The agricultural sector makes up an above-average percentage of the regional economy, whereas the tertiary sector indicates below-average figures. The share of the secondary, or industrial, sector is also below the country average and is based mainly on metalworking (21% of the secondary sector), engineering (16%), the automotive industry (11%), and food processing (11%, Czech Statistical Office, 2013). The largest companies in the region (measured by annual turnover) are Bosch Diesel and Pacovske Engineering; in 2014 they placed in the Czech Top 100 rankings. Regionally based Zdarske Engineering is also one of the stablest and largest companies in the country. Another important employer is the Dukovany Nuclear Power Station in the Trebic district, which is operated by CEZ, the second largest company in the country and the leading producer and supplier of electric energy. Entrepreneurship is not particularly strong. The Czech Statistical Office’s business register indicates the presence of 108,800 companies in the Vysocina Region, which occupied the second to last place in the ranking of all the country’s regions at the end of 2014. Although the number of companies in the region grew by 225% between 1994 and 2014, this rate of increase is somewhat below the national trend.

To sum up, this region differs significantly from other peripheral regions in the Czech Republic (particularly the Ústí nad Labem and Moravian-Silesian Regions). On the one hand, social cohesion, regional identity, and regional affiliation are all very strong, and environmental conditions are good because the region has not been devastated by heavy industry like other peripheral regions in the Czech Republic. Yet the region’s economy faces structural problems associated with the need to increase high value-added sectors. In this respect, the situation in Vysocina seems, in some ways, to be comparable with the overall situation in the Czech Republic. Like the national economy, the Vysocina Region’s economy is driven by businesses that are not based on high value-added labor but on the “advantage” of a cheap but not highly skilled labor force. Additionally, the region is relatively strongly dependent on the automotive industry, as is the whole country.

Graduate Employment in the Vysocina Region

The region’s economic history has significantly influenced the regional job market as a whole, including for HEI graduates. Natural conditions suitable for agriculture long defined Vysocina’s economic profile. It has always ranked among the poorer regions in the country as a consequence of its less developed industrial infrastructure and agricultural focus.Footnote 9 People live in small towns or follow a typical rural lifestyle. Traditionally, the stone, textile, and woodworking industries dominated the regional economy, but nowadays industrial engineering and the food industry are growing. Industrial engineering, however, is very narrowly focused on manufacturing components for the automotive industry. Thus, the region is vulnerable to fluctuations in the automotive industry caused by global economic cycles.

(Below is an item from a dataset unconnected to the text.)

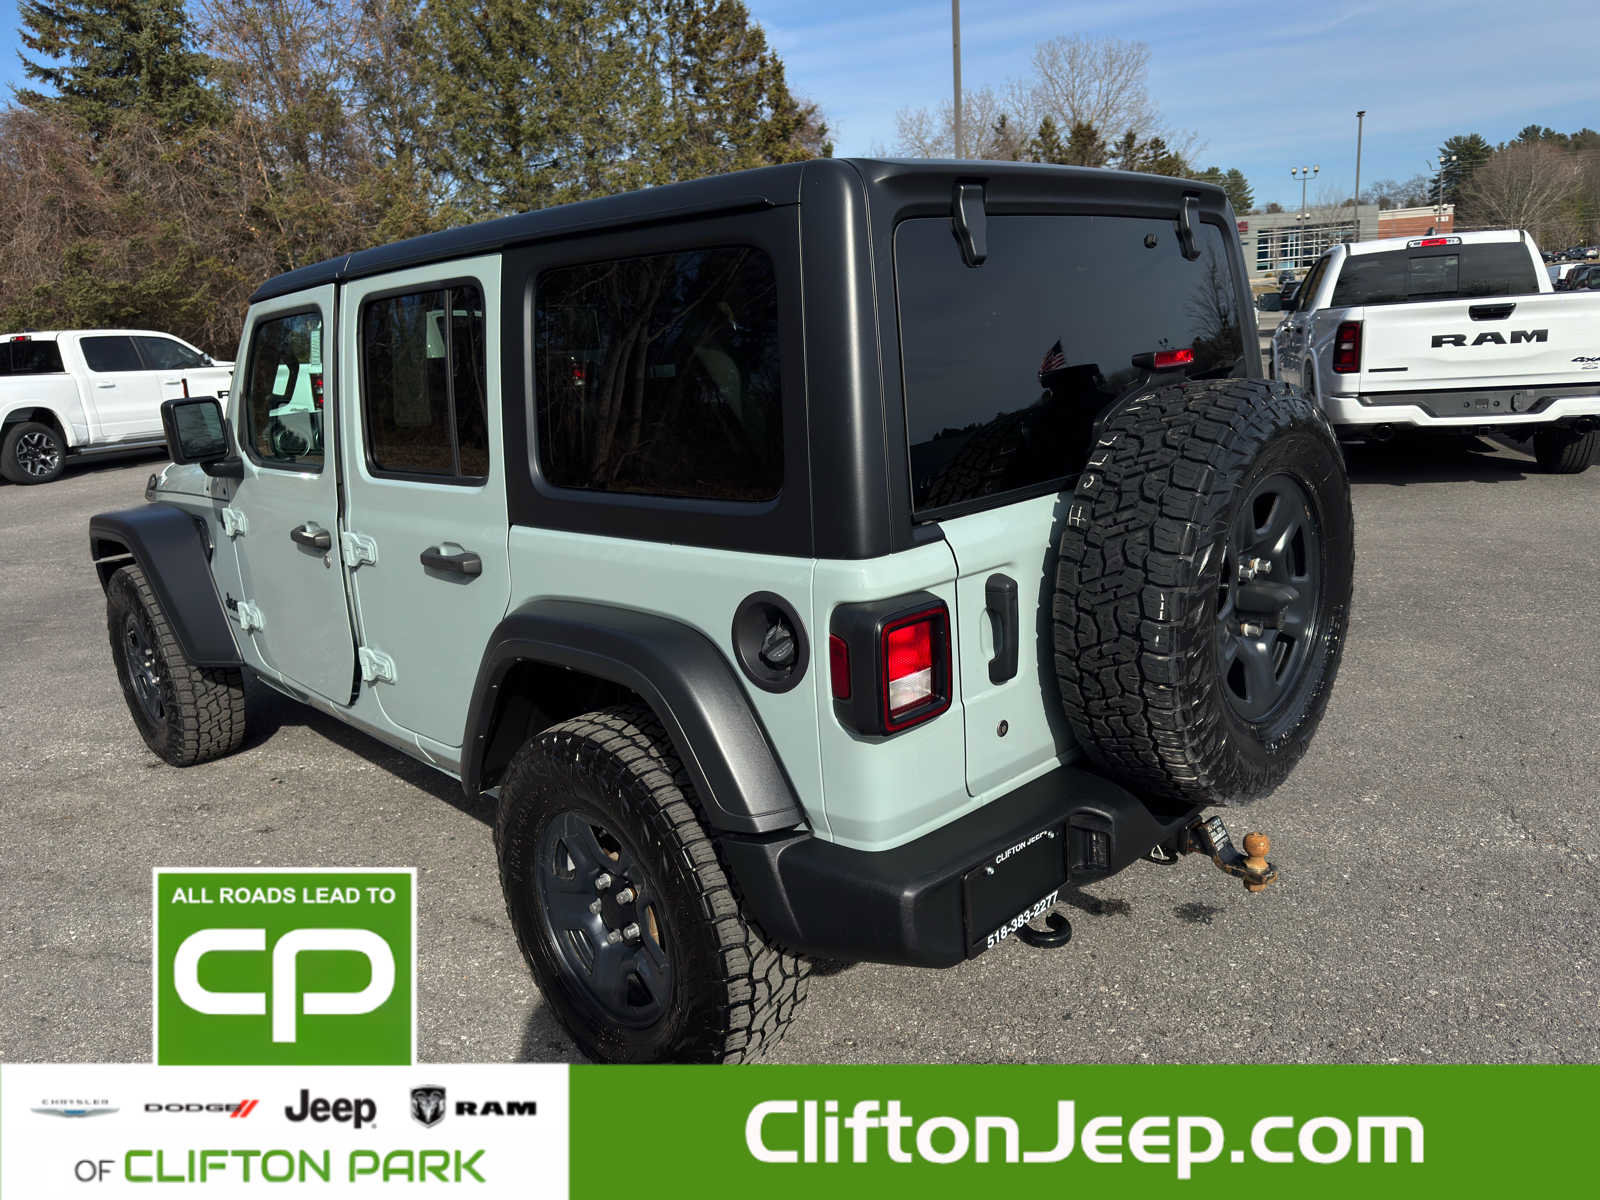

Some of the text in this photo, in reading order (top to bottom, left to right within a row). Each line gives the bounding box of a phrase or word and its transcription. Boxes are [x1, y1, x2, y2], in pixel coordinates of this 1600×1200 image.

[1431, 329, 1549, 348] RAM
[995, 841, 1026, 864] CLIFTON
[987, 890, 1059, 949] 518-383-2277

In addition to the specific structure of the industrial sector in the region consisting of a small number of branches of major corporations and a relatively large number of small and mid-sized companies producing mostly standard products with no technologically intensive value added, research and development (R & D) expenditures are very low. The majority of small and mid-sized businesses spend minimal resources on R & D, and when they do, they do it in a very unsystematic manner (Regional Office, 2013). Larger companies (e.g., Bosch Diesel in Jihlava, Tedom in Trebic) invest more in R & D, but even they are not able to reverse the Vysocina Region’s overall low innovation performance or its low absorptive capacity. In addition, some of these firms, as global players, have strategies that do not correspond with purely regional interests and they often have R & D departments located in different regions or countries.Footnote 10

Here, corporate R & D expenditures as a percentage of regional gross domestic product are the lowest in the Czech Republic alongside those in the Karlovy Vary and Usti nad Labem Regions. Public R & D efforts are also low because the local HEI and the branches of other universities operating in the region focus primarily on teaching activities. Activities promoting innovation and research are still in the planning and early-implementation stages. The regional office (i.e., the local government) has launched a research-support program (small and mid-sized businesses are entitled to “entrepreneurial vouchers”), but it is still in the pilot phase.

Unemployment Among the Tertiary Educated

Although nowadays the unemployment rate does not seem to be the biggest problem in the region, during the last economic crisis (from 2008 to 2012) there was a dearth of available jobs with, on average, 33 jobseekers for every vacant position. This ratio was one of the worst in any Czech region and indicates the overall fragility of the job market and the economy, which was and still is based mainly on manufacturing marked with low innovativeness and little existing capacity for employing highly educated people. Although the region is relatively small, low labor mobility and the poor transport accessibility of some subregions,Footnote 11 such as the Jemnice, Telc, and Nova Bystrice subregions, contribute to local unemployment. The economies of most lagging subregions are focused on agriculture and tourism. They are mainly rural areas with less favorable production conditions, lying outside main transport (both bus and rail) lines and with few new businesses.

Focusing on the demand side of the labor market, we see the tertiary-educated workforce in the Vysocina Region is weak due to the region’s agricultural profile and specific industry focus, both with low innovativeness. Although the industrial sector provides more job opportunities for highly educated people, the narrow profile of the mainly automotive firms operating in the region make such jobs highly volatile. For example, in the first quarter of 2016 the labor office in Jihlava recorded the highest demand for positions that do not require higher education at all (more than half of offered positions). Specifically, firms were looking for craftspeople and repairers (27% of all offered positions), and machine and equipment operators and assemblers (27% of all offered positions; Úřad práce České republiky, 2016).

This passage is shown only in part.